Between the Second Industrial Revolution and the 1960s, the United States experienced increasingly severe air pollution. Following the 1948 Donora smog event, the public began to discuss air pollution as a major problem, states began to pass a series of laws to reduce air pollution, and Congress began discussing whether to take further action in response. At the time, the primary federal agencies interested in air pollution were the United States Bureau of Mines, which was interested in "smoke abatement" (reducing smoke from coal burning), and the United States Public Health Service, which handled industrial hygiene and was concerned with the causes of lung health problems.
After several years of proposals and hearings, Congress passed the first federal legislation to address air pollution in 1955. The Air Pollution Control Act of 1955 authorized a research and training program, sending $3 million per year to the U.S. Public Health Service for five years, but did not directly regulate pollution sources. The 1955 Act's research program was extended in 1959, 1960, and 1962 while Congress considered whether to regulate further.
Beginning in 1963, Congress began expanding federal air pollution control law to accelerate the elimination of air pollution throughout the country. The new law's programs were initially administered by the U.S. Secretary of Health, Education, and Welfare, and the Air Pollution Office of the U.S. Public Health Service, until they were transferred to the newly-created EPA immediately before major amendments in 1970. EPA has administered the Clean Air Act ever since, and Congress added major regulatory programs in 1977 and 1990. Most recently, the U.S. Supreme Court's ruling in Massachusetts v. EPA resulted in an expansion of EPA's CAA regulatory activities to cover greenhouse gases.
Clean Air Act of 1963 and Early Amendments. The Clean Air Act of 1963 (Pub.L. 88–206) was the first federal legislation to permit the U.S. federal government to take direct action to control air pollution. It extended the 1955 research program, encouraged cooperative state, local, and federal action to reduce air pollution, appropriated $95 million over three years to support the development of state pollution control programs, and authorized the HEW Secretary to organize conferences and take direct action against interstate air pollution where state action was deemed to be insufficient.
The Motor Vehicle Air Pollution Control Act (Pub.L. 89–272) amended the 1963 Clean Air Act and set the first federal vehicle emissions standards, beginning with the 1968 models. These standards were reductions from 1963 emissions levels: 72% reduction for hydrocarbons, 56% reduction for carbon monoxide, and 100% reduction for crankcase hydrocarbons.. The law also added a new section to authorize abatement of international air pollution.

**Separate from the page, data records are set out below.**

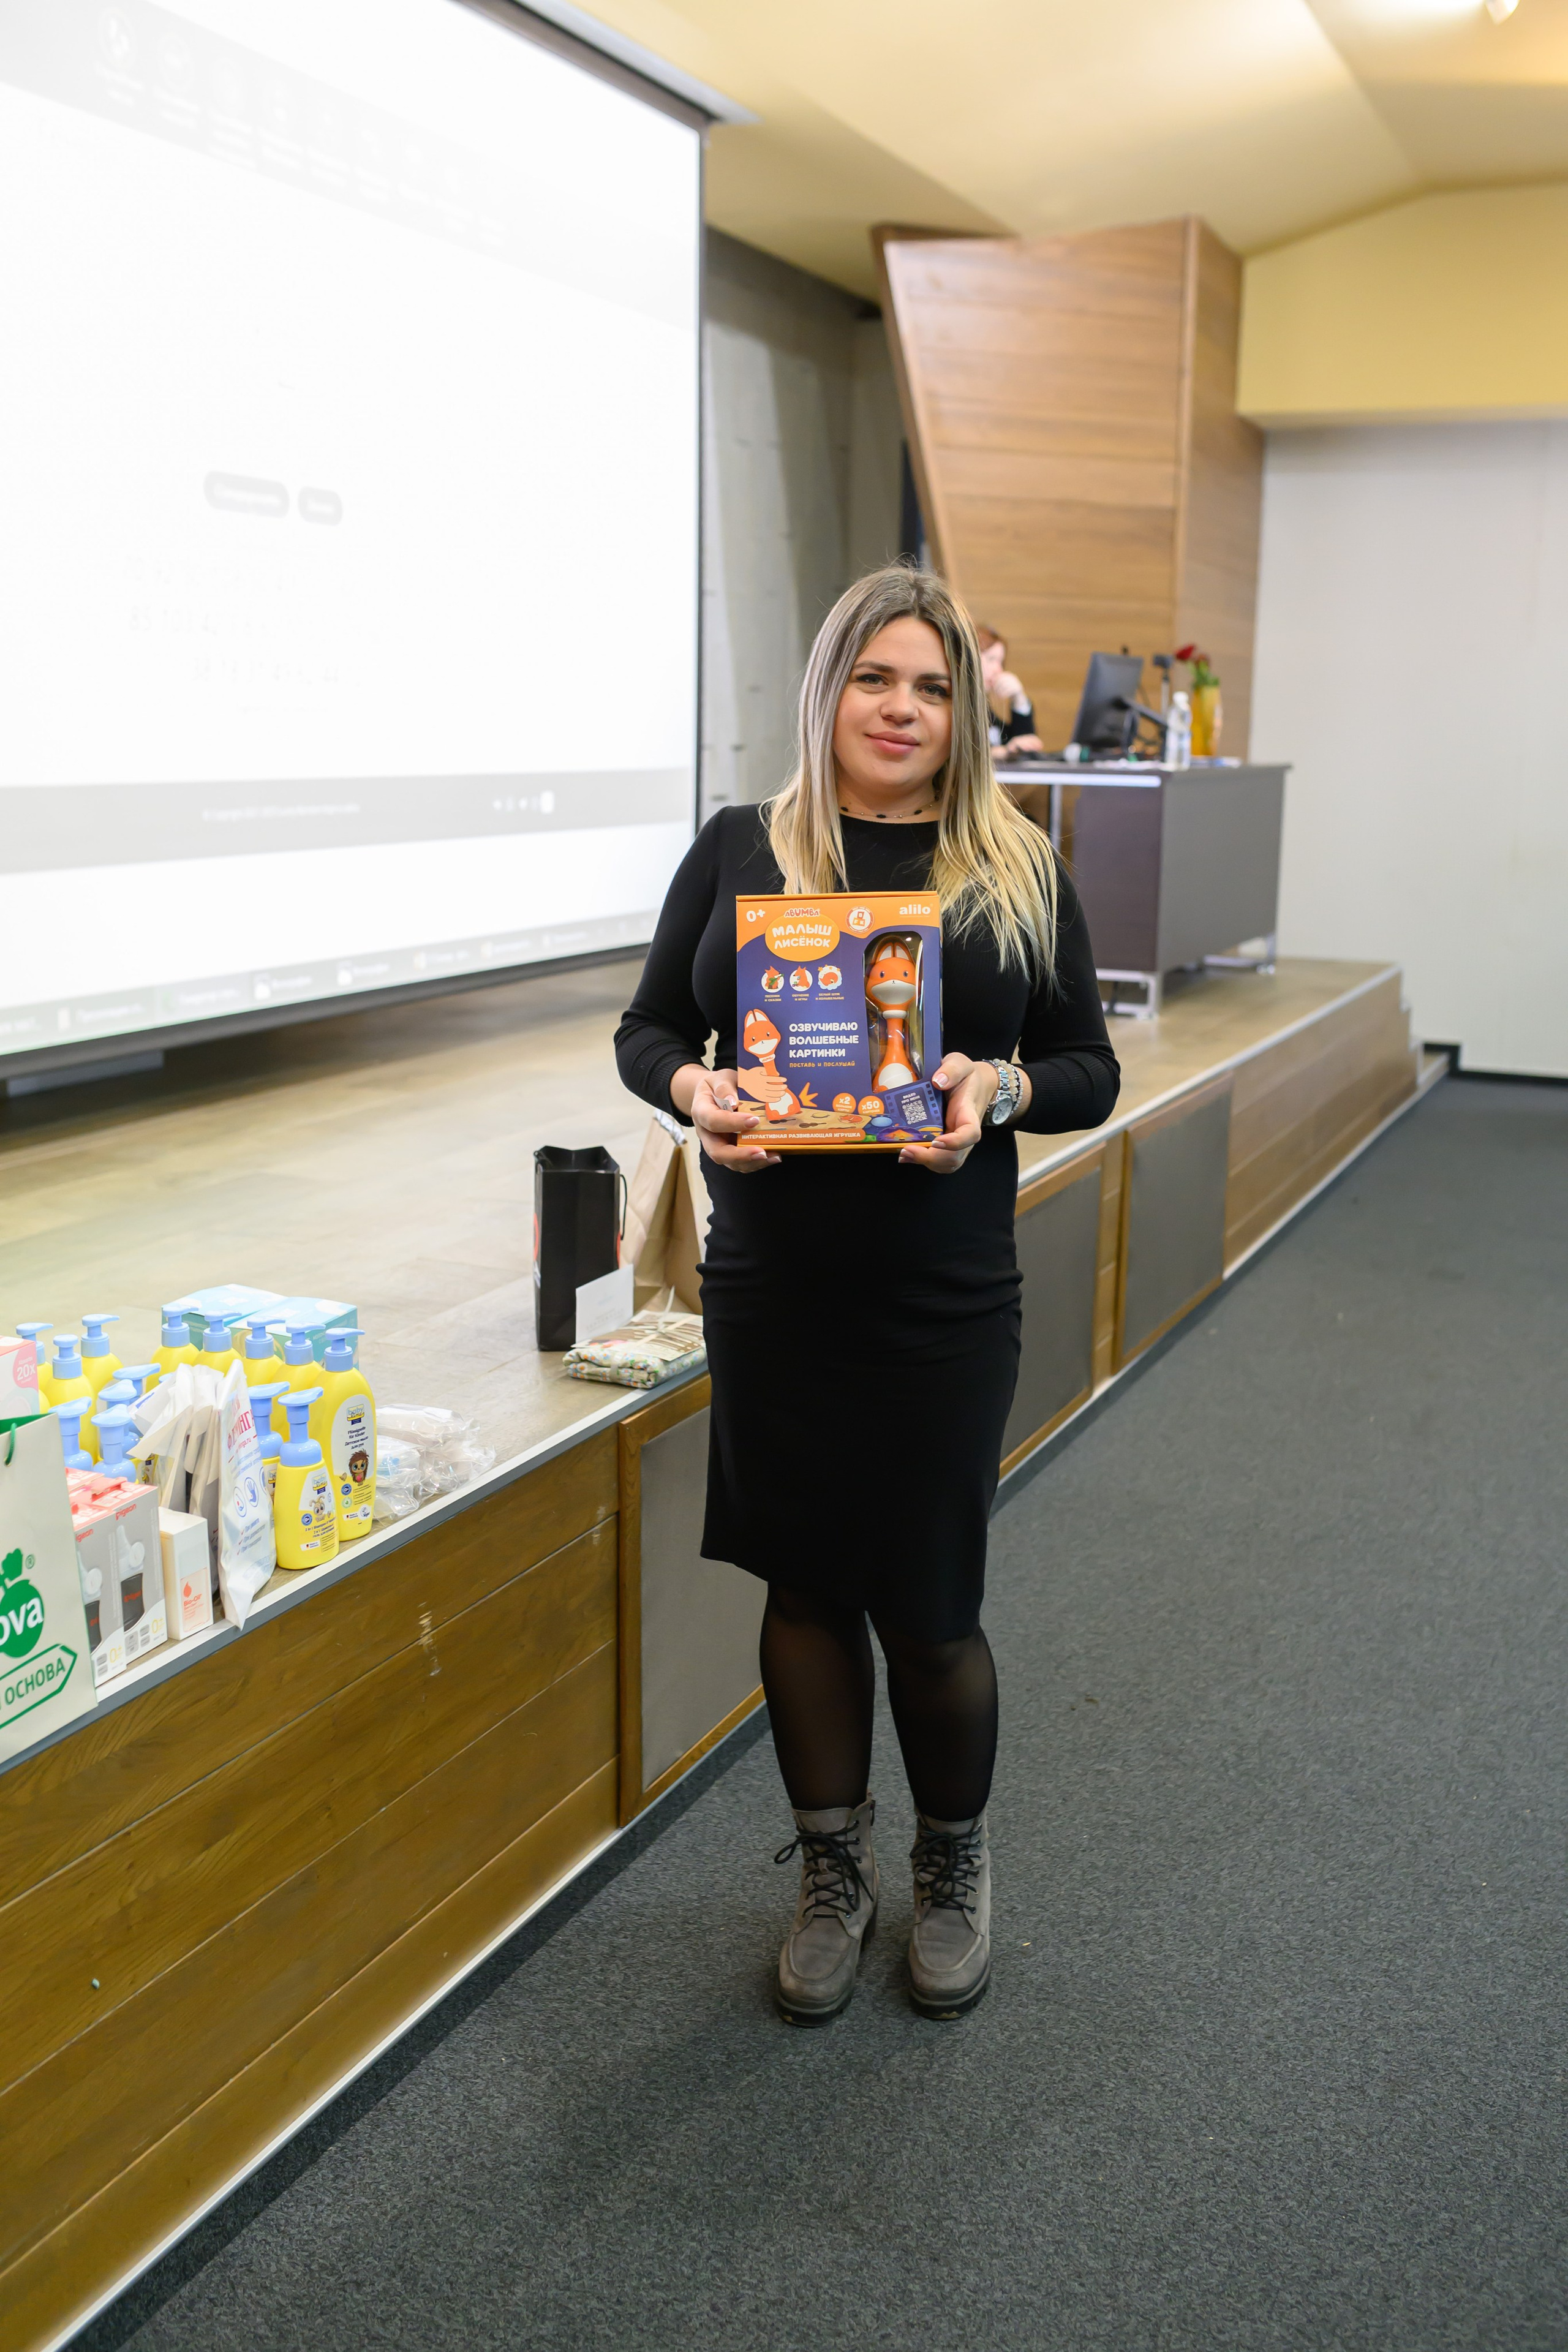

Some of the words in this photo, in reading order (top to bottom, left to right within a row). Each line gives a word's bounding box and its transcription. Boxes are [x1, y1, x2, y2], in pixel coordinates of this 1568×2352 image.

[746, 909, 766, 922] 0+
[899, 904, 931, 914] alilo
[772, 924, 832, 938] МАЛЫШ
[774, 935, 831, 949] ЛИСЁНОК
[789, 1022, 858, 1032] ОЗВУЧИВАЮ
[789, 1035, 859, 1046] ВОЛШЕБНЫЕ
[789, 1048, 846, 1058] КАРТИНКИ
[17, 1363, 36, 1381] 20x
[75, 1529, 93, 1543] igeon
[5, 1657, 66, 1705] ОСНОВА
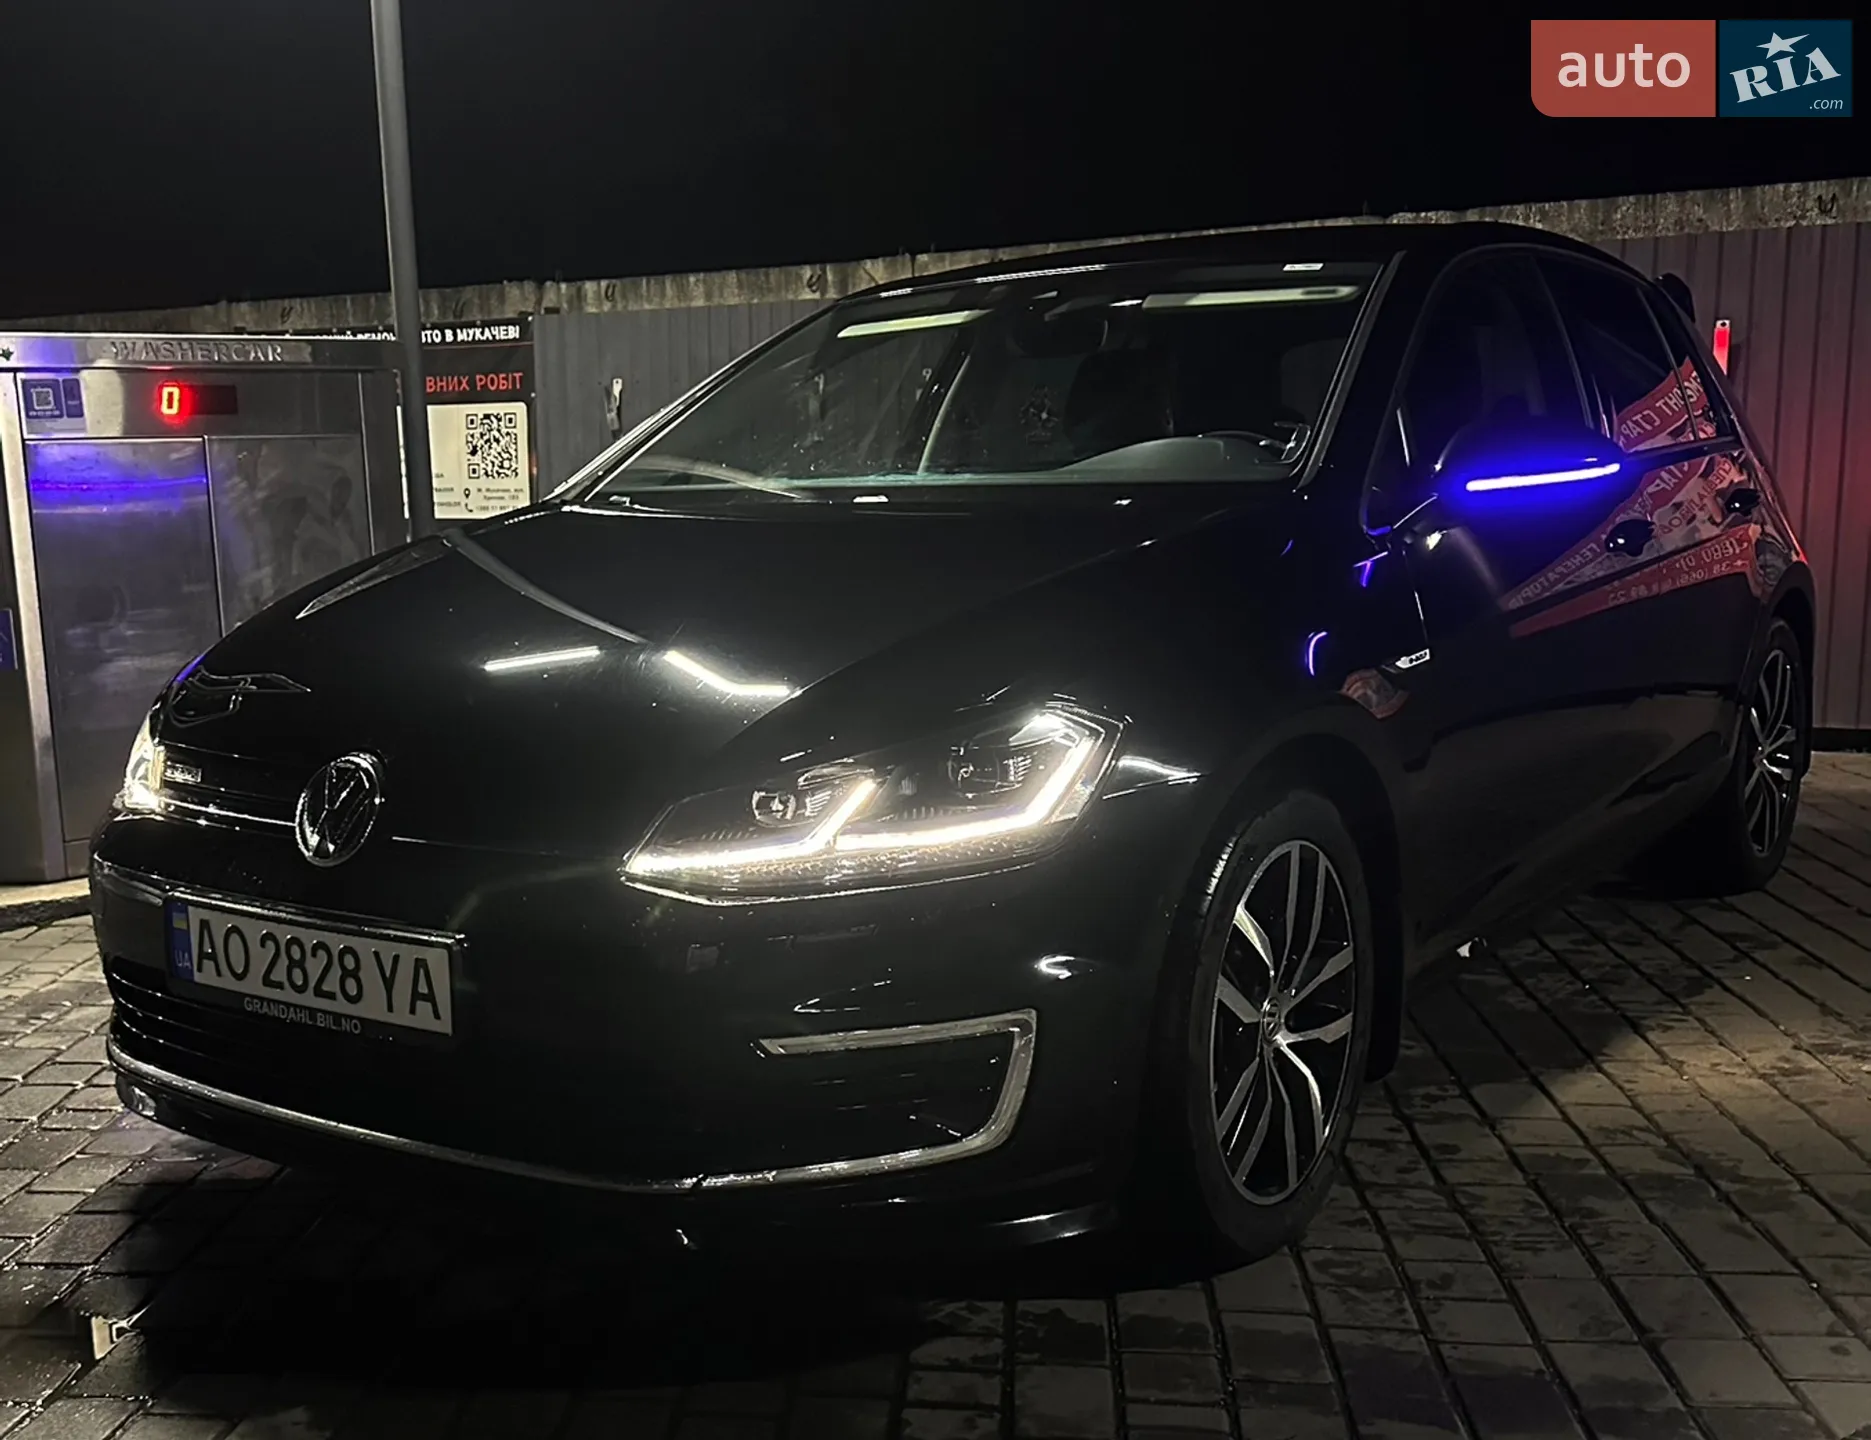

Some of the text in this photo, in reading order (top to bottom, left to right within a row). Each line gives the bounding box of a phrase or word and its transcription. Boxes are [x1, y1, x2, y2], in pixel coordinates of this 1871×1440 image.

[444, 328, 454, 343] В
[456, 325, 520, 342] МУКАЧЕВІ
[112, 341, 284, 362] WASHERCAR
[475, 371, 524, 391] РОБІТ
[160, 386, 180, 415] 0
[174, 948, 192, 968] UA
[196, 918, 442, 1021] AO 2828 YA

The Air Quality Act of 1967 (Pub.L. 90–148) authorized planning grants to state air pollution control agencies, permitted the creation of interstate air pollution control agencies, and required HEW to define air quality regions and develop technical documentation that would allow states to set ambient air quality and pollution control technology standards, and required states to submit implementation plans for improvement of air quality, and permitted HEW to take direct abatement action in air pollution emergencies. It also authorized expanded studies of air pollutant emission inventories, ambient monitoring techniques, and control techniques. This enabled the federal government to increase its activities to investigate enforcing interstate air pollution transport, and, for the first time, to perform far-reaching ambient monitoring studies and stationary source inspections. The 1967 act also authorized expanded studies of air pollutant emission inventories, ambient monitoring techniques, and control techniques. While only six states had air pollution programs in 1960, all 50 states had air pollution programs by 1970 due to the federal funding and legislation of the 1960s.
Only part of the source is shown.